Dover Castle - August 25th 2006

As we were still on holiday we had a drive out to Dover, one stop for a look around the Castle, and another to have lunch and sit above the Eastern Approaches to read in the sun in the White Cliffs Park.
If you are members of English Heritage or The National Trust, both would be free, if not, the Castle is £9.50 each and to park on the top of the White Cliffs is £1.50 per vehicle.
Although I have lived near Dover for many years, it's not a place I frequent very often, mainly to leave from the ferry terminal! So this was my first visit to the Castle.
The roots go back to the Saxons for a fort and the church, and to the Romans for the "Pharos" (pic 3).

Most of the work was done in the 13th centrury by Maurice, the engineer that Henry II entrusted to build the castle on the site of earlier fortifications.
There was a tidy up in time for Henry VIII's in 1539, when the castle was seen to be old and rather out of fashion.

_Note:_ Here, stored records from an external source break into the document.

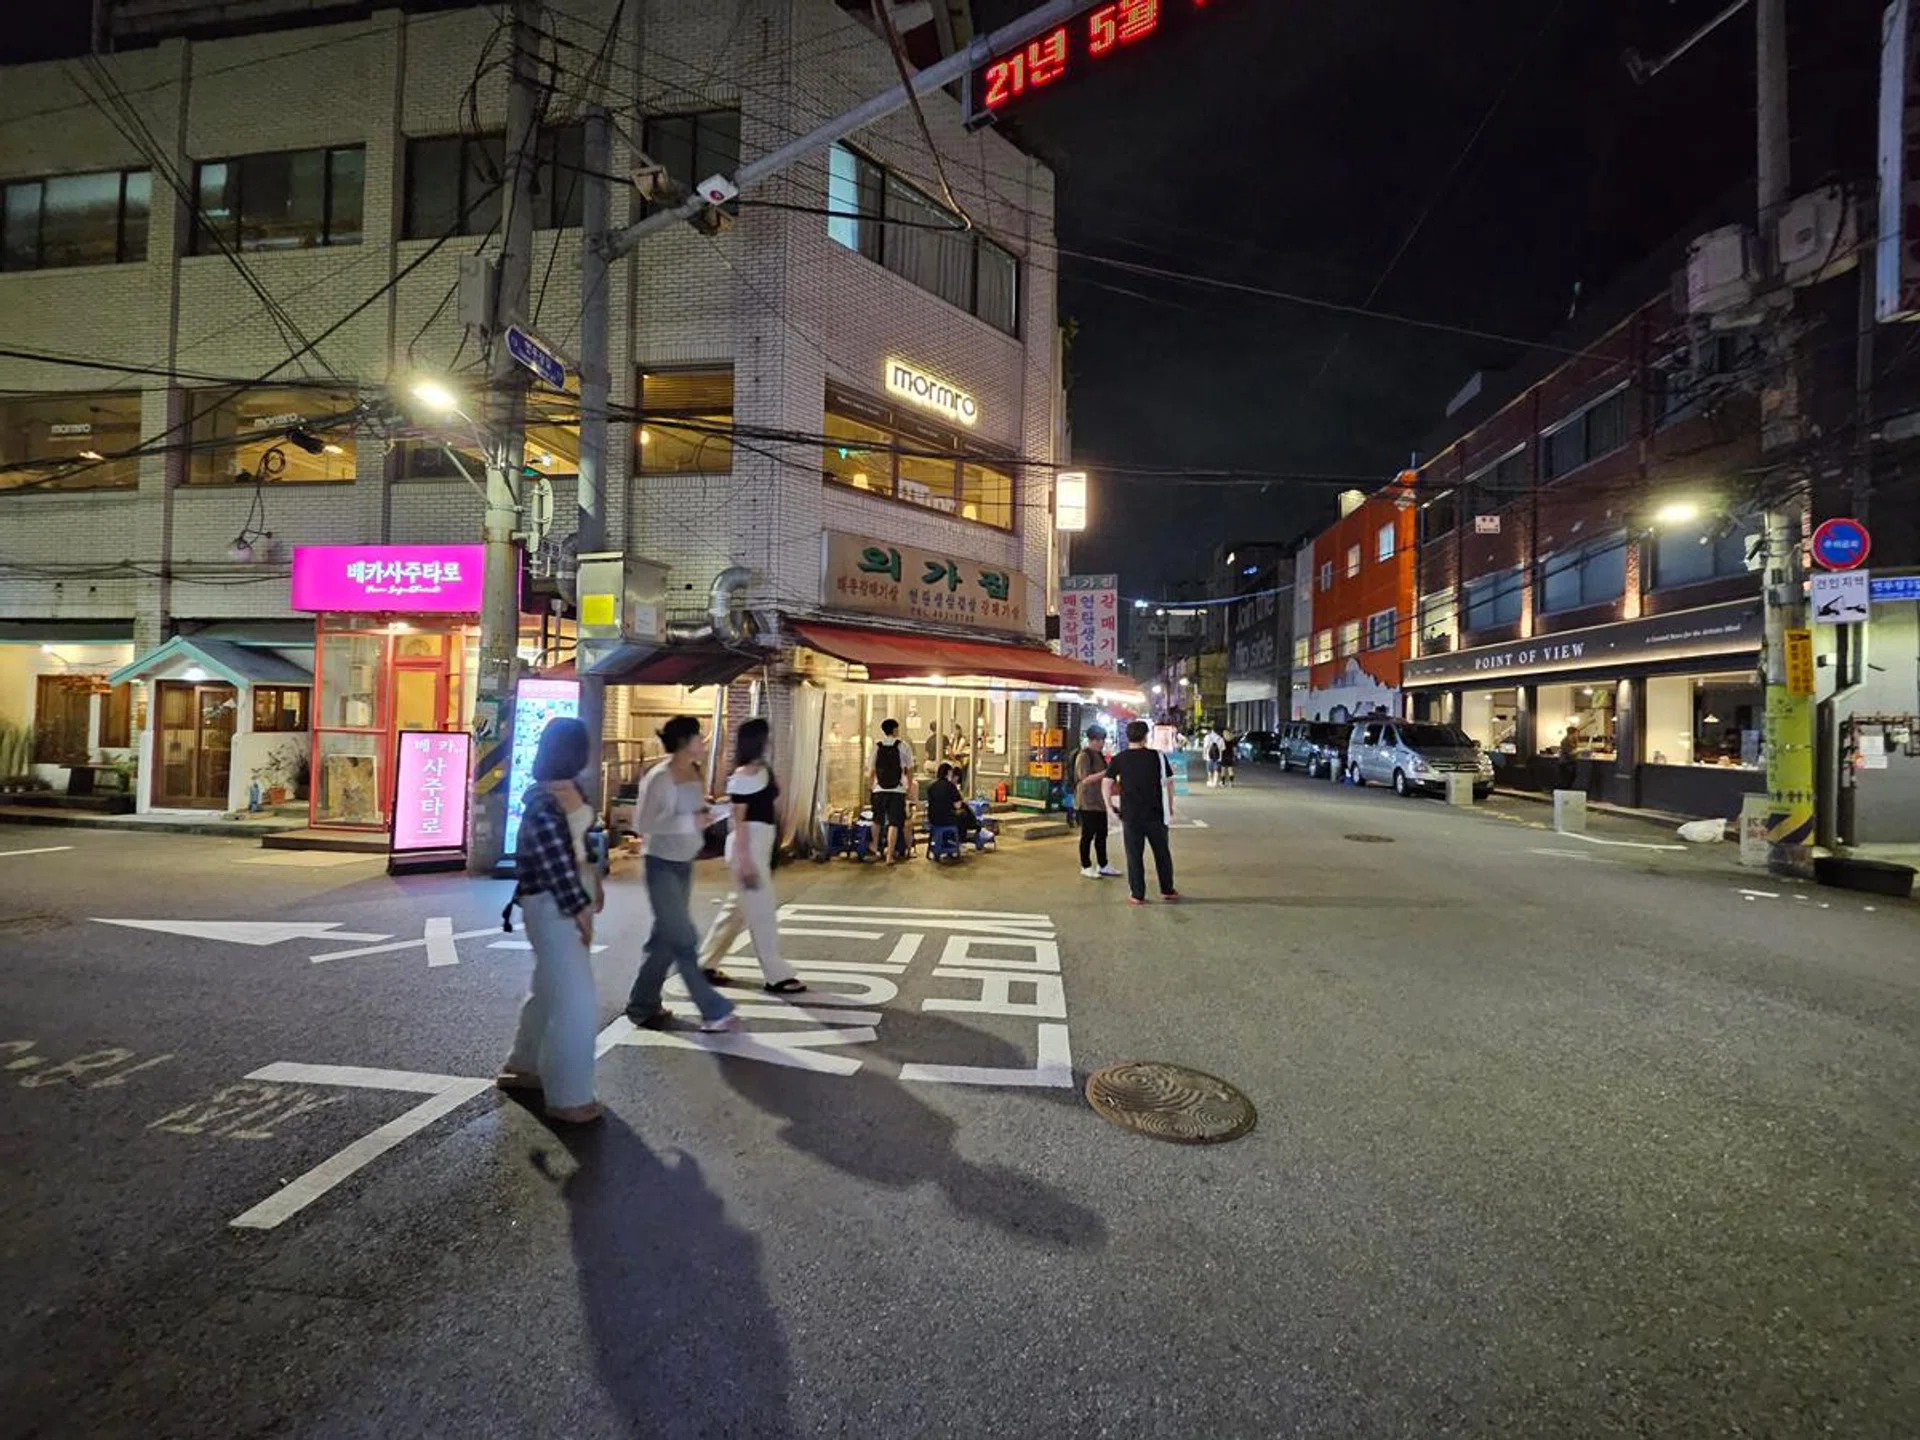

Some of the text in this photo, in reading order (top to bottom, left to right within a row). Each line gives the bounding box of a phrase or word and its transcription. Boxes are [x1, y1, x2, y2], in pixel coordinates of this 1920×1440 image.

[986, 0, 1158, 107] 21년 5월
[893, 366, 976, 417] mormro
[1816, 575, 1865, 591] 견인지역
[1474, 642, 1585, 671] POINT OF VIEW
[418, 756, 447, 834] 사주타로

It was of course 300 years old by then.
It was given another face lift a couple of centuries later when Charles II's fiancee came to stay after her arrival from abroad.

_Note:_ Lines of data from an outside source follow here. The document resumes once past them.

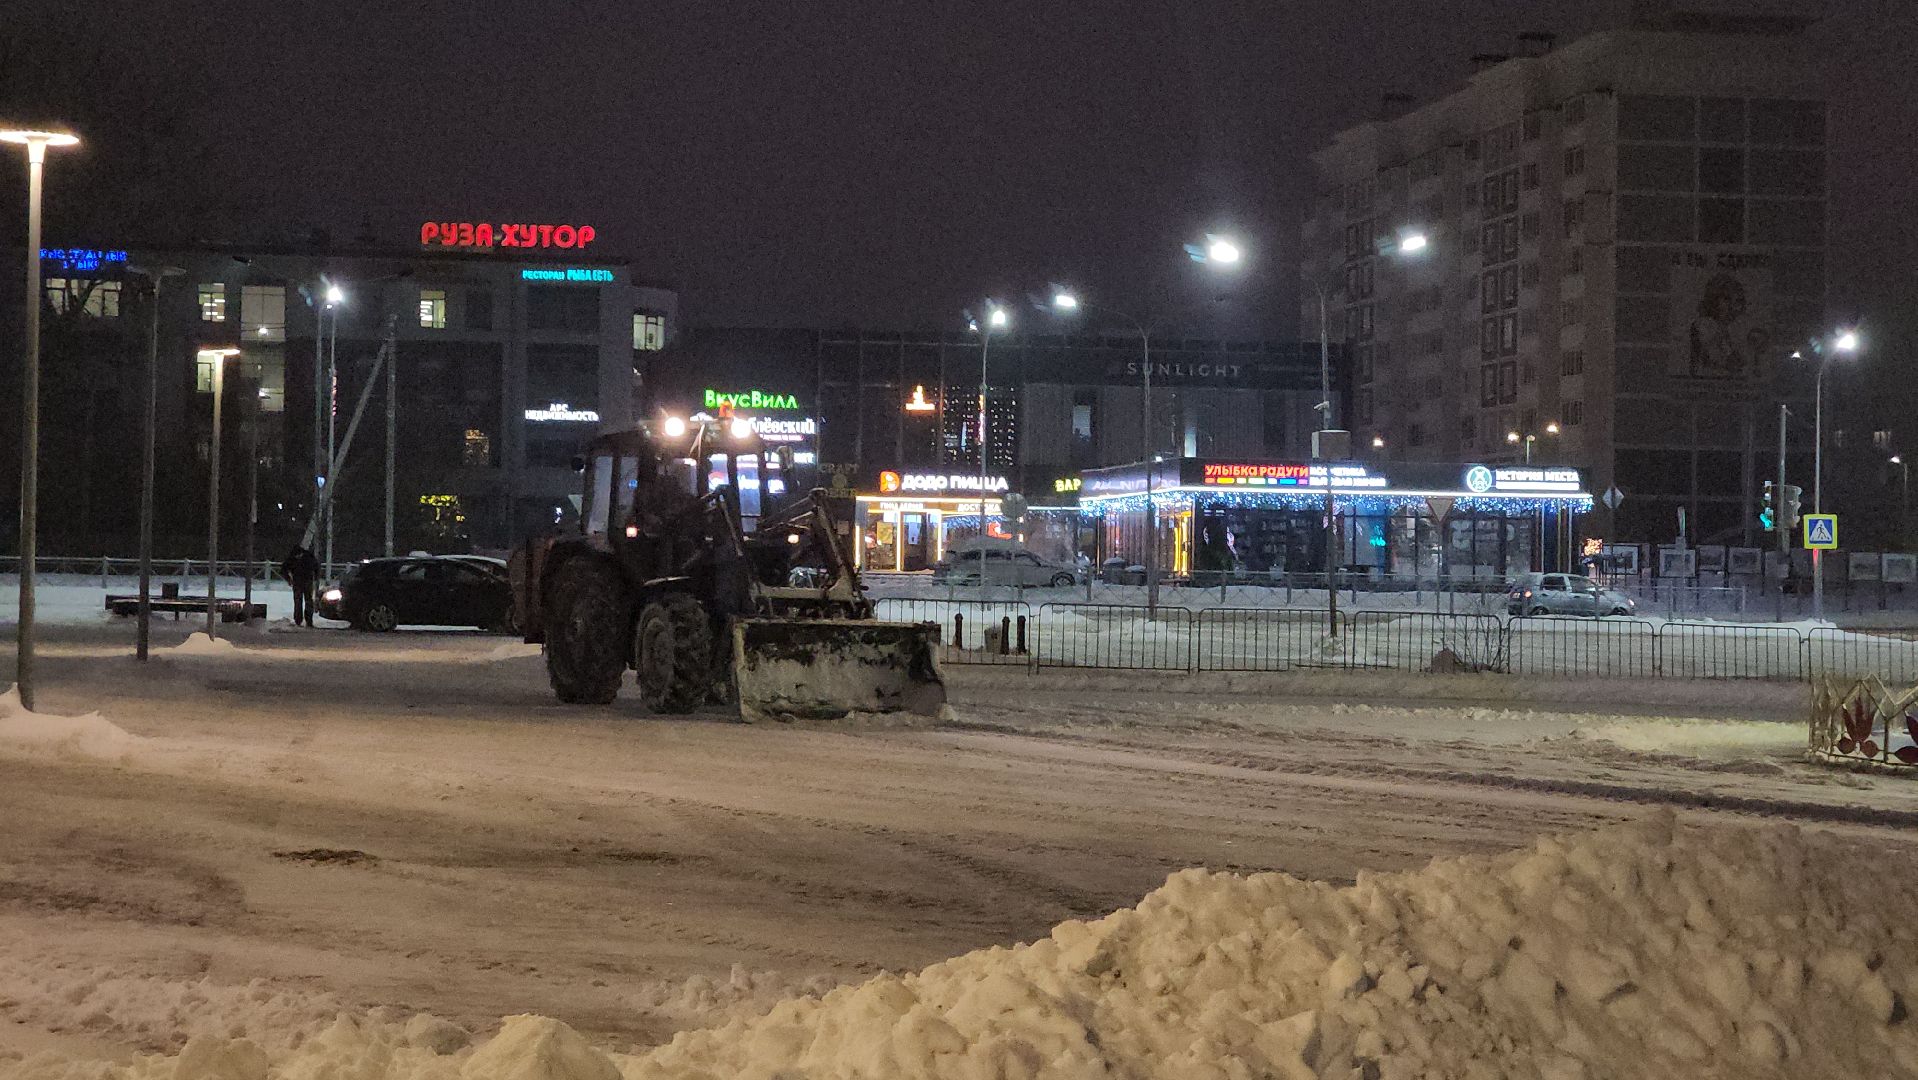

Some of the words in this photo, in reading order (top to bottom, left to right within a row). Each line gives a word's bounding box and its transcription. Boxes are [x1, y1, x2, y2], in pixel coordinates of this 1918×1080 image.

[522, 270, 565, 280] РЕСТОРАН
[567, 269, 592, 281] РЫБА
[592, 270, 614, 281] ЕСТЬ
[1127, 362, 1241, 377] SUNLIGHT
[705, 388, 799, 409] ВкусВилл
[525, 410, 600, 422] НЕДВИЖИМОСТЬ
[1496, 469, 1544, 481] ИСТОРИЯ
[1544, 470, 1580, 482] МЕСТА
[902, 474, 948, 491] ДОДО
[950, 475, 1010, 492] ПИЦЦА

This is the Roman "pharos" built not as supposed to warn navigators at sea of the land, but as a guide, Paired with one on the western approach it showed where the harbour was for the galleys crossing from France.
Only 4 storeys remain an dit is in excess of 40 feet tall. In Roman time sit would have ben 8 storeys tall with a beacon on the roof.
Pic 4 shows the approach to the Castle inside the outer wall but approaching the inner fortifide wall. The flag is flying form the top of the Keep.